When can a (referring) physician or physician group participate in a joint venture with a hospital or other organization to own an entity that provides designated health services (“DHS”), for example an imaging center or a laboratory, as that term is defined under the Stark law? If your answer is “never,” think again. There actually is a Stark exception for ownership arrangements that may be applicable in certain locations around the country.

I had actually forgotten about this one until recently, because it isn’t something that I have had the opportunity to structure very often. That said, under 42 CFR § 411.356(c)(1), the Stark regulations provide a general exception for the ownership or investment in rural providers. In order to qualify to fall into this exception, the entity meet two criteria: (1) the entity must be located in a rural area, and (2) the entity must furnish substantially all (not less than 75 percent) of its DHS to residents located in a rural area. CMS defines rural areas as areas other than those defined as “urban areas” under 42 CFR 412.62(f)(1)(ii) (i.e., a metropolitan statistical area (“MSA”) or New England county metropolitan area consisting of certain counties in New England).

So the first step is to determine if the entity is in an MSA. CMS refers to the then current list of MSAs on the website of the Office of Management and Budget and provides a link on its physician self-referral website. The Phase III Final Stark Rules also provides some additional and useful clarification, including explaining that a location is rural if it is a “micropolitan statistical area” which is an area “containing a single urbanized core population of at least 10,000 but less than 50,000.” (See, 65 Fed. Reg. 82230, 82233) (See, 72 Fed. Reg. 51011, 51042). Therefore, if the location or proposed location of a DHS entity is outside of a MSA, even if it is in a micropolitan statistical area, you are likely good to go. In other words, the location is considered to be rural, and you may be able to take advantage of this exception. I highly recommend that documentation be kept with respect to this determination (perhaps included in recitals in an operating agreement, minutes of an organization, and/or a memo to the file with citations).

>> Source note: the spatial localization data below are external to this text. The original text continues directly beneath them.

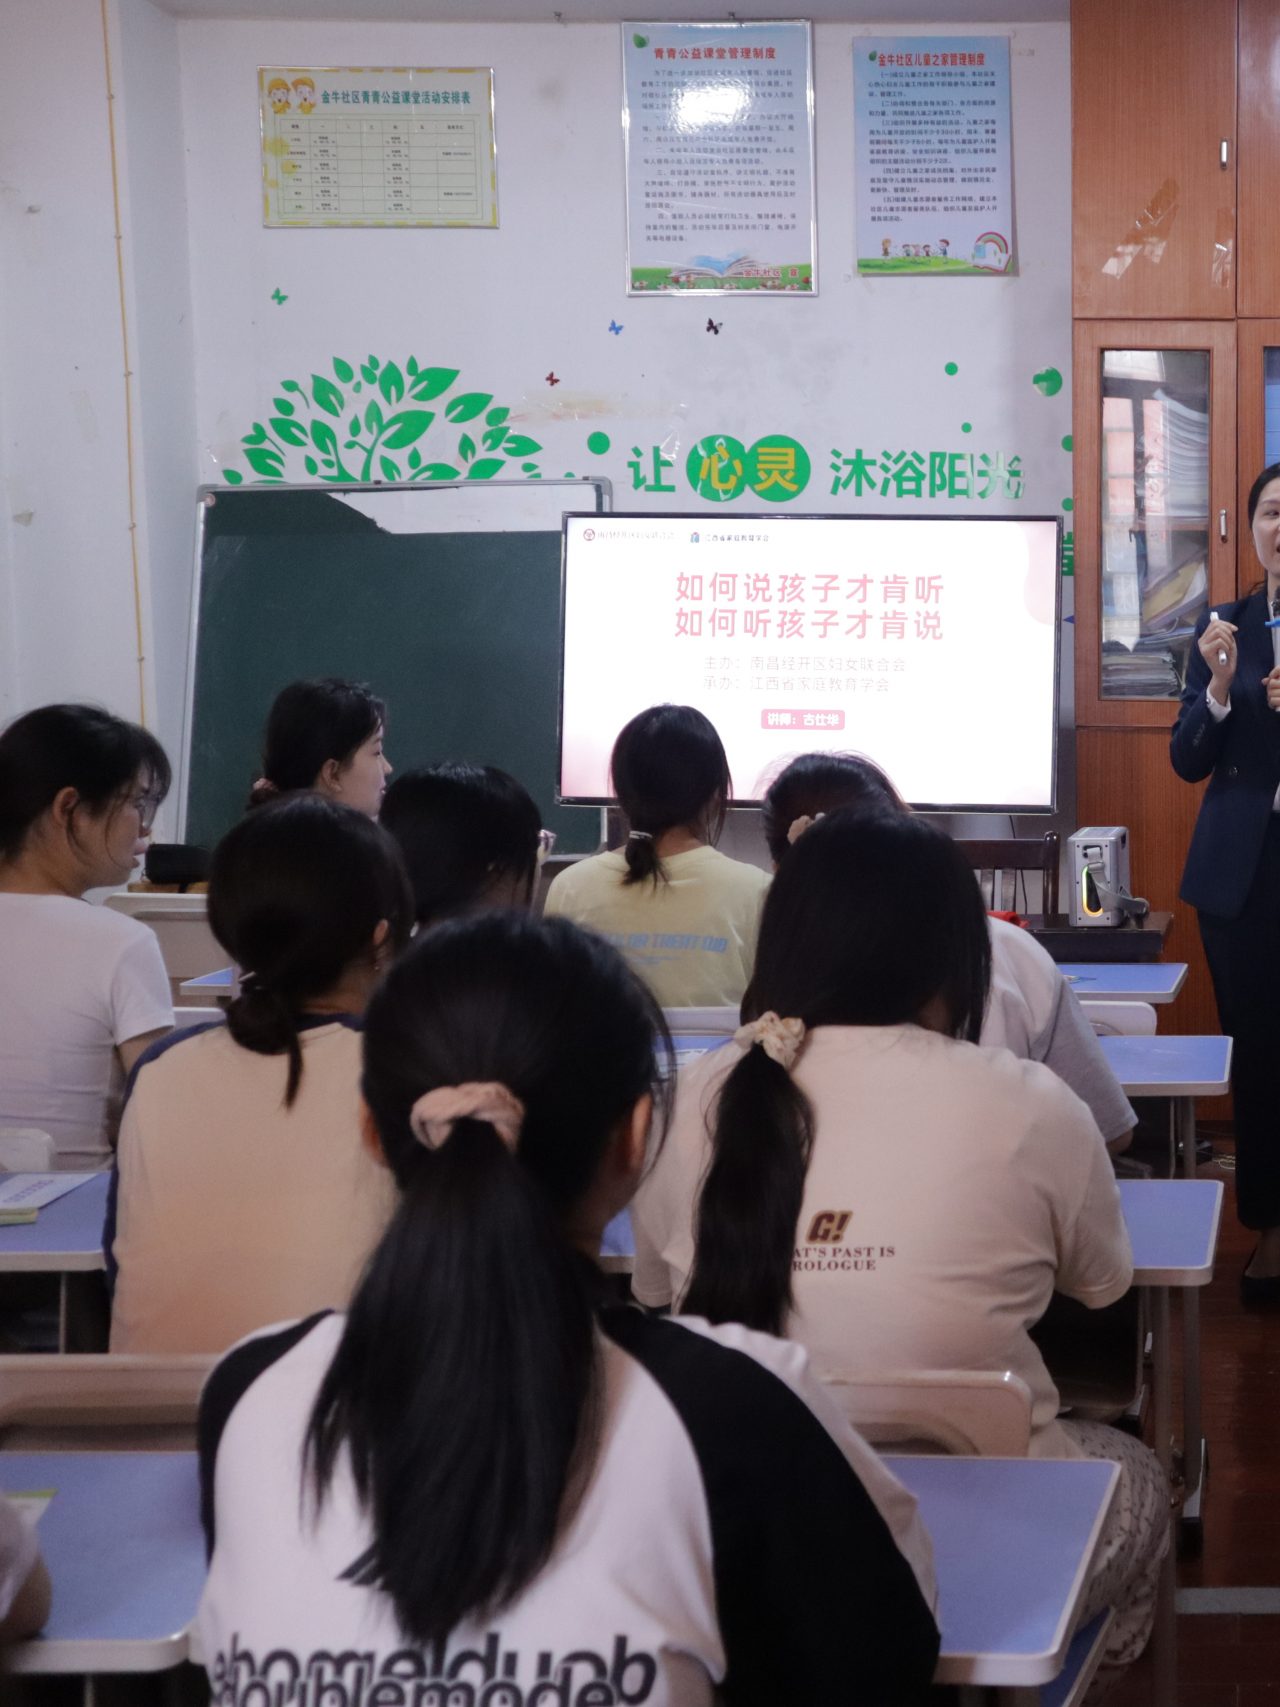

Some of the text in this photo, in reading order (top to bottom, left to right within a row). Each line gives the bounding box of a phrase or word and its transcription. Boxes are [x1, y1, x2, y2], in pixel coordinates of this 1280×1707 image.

[878, 53, 985, 67] 金牛社区儿童之家管理制度
[675, 571, 945, 605] 如何说孩子才肯听
[674, 607, 944, 641] 如何听孩子才肯说
[793, 1246, 895, 1258] AT'S PAST IS
[793, 1260, 876, 1272] ROLOGUE

Even if the DHS entity is located in a rural area, it is important to remember that if a physician (or family member) has a compensation arrangement with the DHS entity, that arrangement must separately  comply with a Stark exception applicable to compensation arrangements. Compensation arrangements, unlike ownership, are not protected under the Stark rural provider exception.

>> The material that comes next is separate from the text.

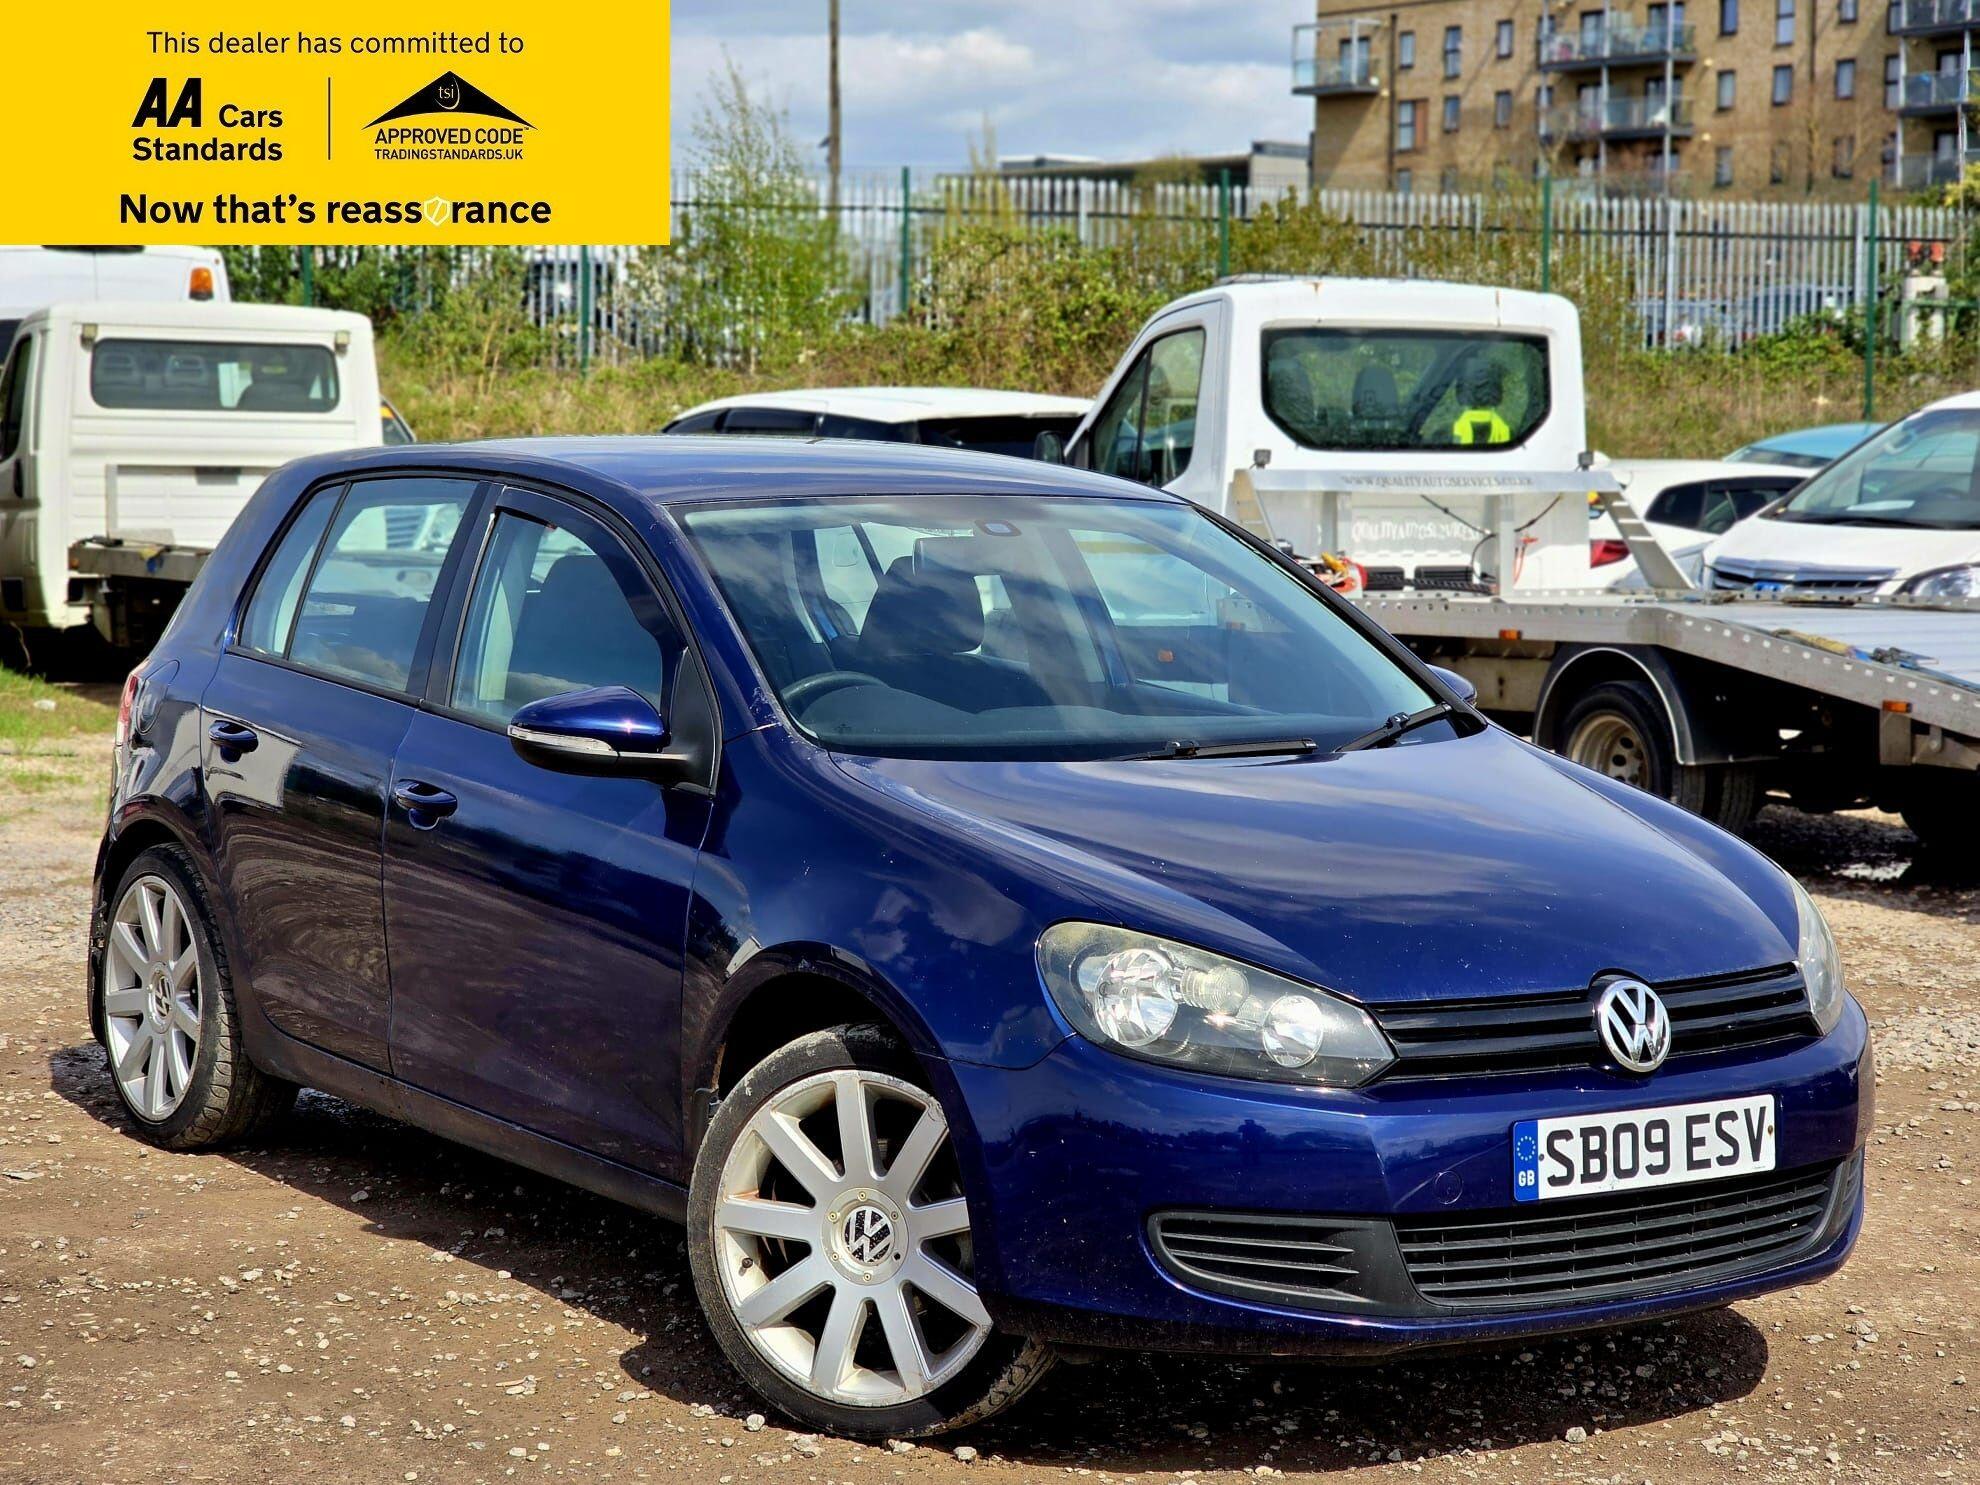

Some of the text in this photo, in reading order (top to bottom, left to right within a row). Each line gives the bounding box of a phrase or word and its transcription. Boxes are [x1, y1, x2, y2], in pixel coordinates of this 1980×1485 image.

[1600, 978, 1671, 1072] VW
[1518, 1169, 1535, 1187] GB
[1546, 1105, 1767, 1188] SB09 ESV

Last point: Assuming the location of the DHS entity is in a rural area, in order to qualify for this exception, the entity must also provide at least 75 percent of the DHS to residents of a rural area. This is an independent condition and may be more difficult to ascertain, especially if this is a de novo provider. CMS issued an Advisory Opinion in June of 2008 on the rural provider exception (CMS-AO-2008-02). In the opinion, CMS confirmed that a group of physicians with an ownership interest in an entity that performed diagnostic imaging and laboratory services met the rural provider exception. CMS did caveat this opinion by stating that the criteria is ongoing and therefore if the population changes, or the location becomes a part of a MSA, this exception would no longer be applicable. Therefore, any arrangement taking advantage of the rural provider exception should periodically evaluate its continued compliance with the exception.

While not applicable to everyone, and likely not to most, the rural provider exception under Stark is worth remembering for those infrequent instances where (referring) physician ownership of a DHS entity might be permissible.